When I began researching the WWII bombing raid against which my newest manuscript, OREGON GRINDER, is set, I thought—happily—there might be a weather connection, that is, a link to my previous efforts.  Thus, the small following of readers I’d developed wouldn’t think I was totally running off the rails if I switched to historical fiction.

The literature I had access to when I started my research, almost twenty years ago, strongly suggested that weather had played a significant role in turning the mission I was writing about into the deadly, screwed-up debacle it became.

But the role of weather turned out to be nonexistent.  The more information I uncovered about the attack, the more I realized that weather had been a non-factor in transforming the raid into a disaster. 

Thank God for the internet and YouTube.  There I found a video by a pilot, the late Robert Sternfels, who had actually flown the mission.  He said the weather factor as described in a popular book about the raid just didn’t happen, that it was made up. 

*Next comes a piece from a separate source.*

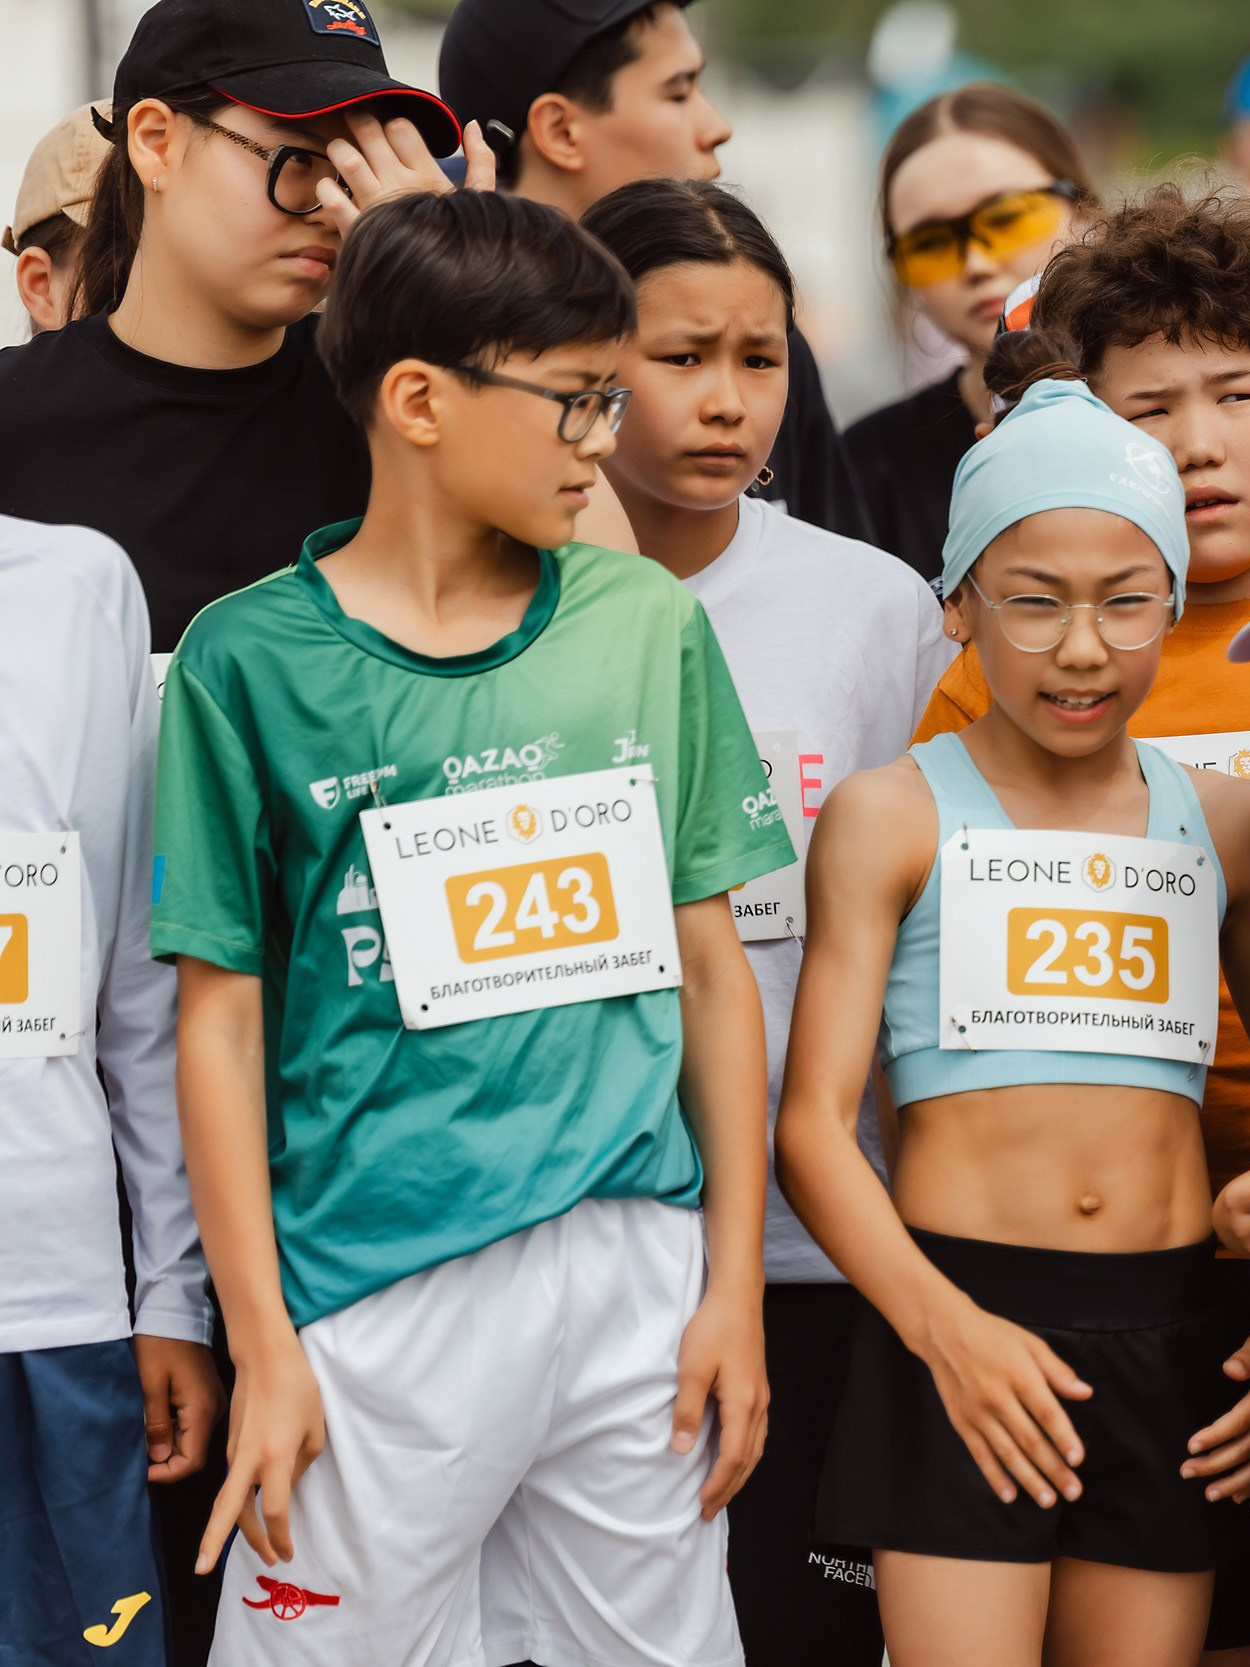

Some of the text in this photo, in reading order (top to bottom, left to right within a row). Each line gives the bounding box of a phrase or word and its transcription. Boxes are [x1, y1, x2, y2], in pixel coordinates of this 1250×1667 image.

So you won’t find anything about it in OREGON GRINDER.

Yep, I’d lost my weather connection, but by then I was so thoroughly engrossed in the subject it didn’t matter.

So where do things currently stand?  The manuscript is competed and I’ve launched a search for a new literary agent and/or publisher.  And often that part of the publication business is much more daunting than the actual writing.

I’ll keep you posted.

(PHOTO: This could be Oregon Grinder—the plane, not the manuscript—but it’s not.  It’s Witchcraft, the B-24 bomber I took my “orientation flight” in last October.  Photo courtesy Roger A. Wyatt.)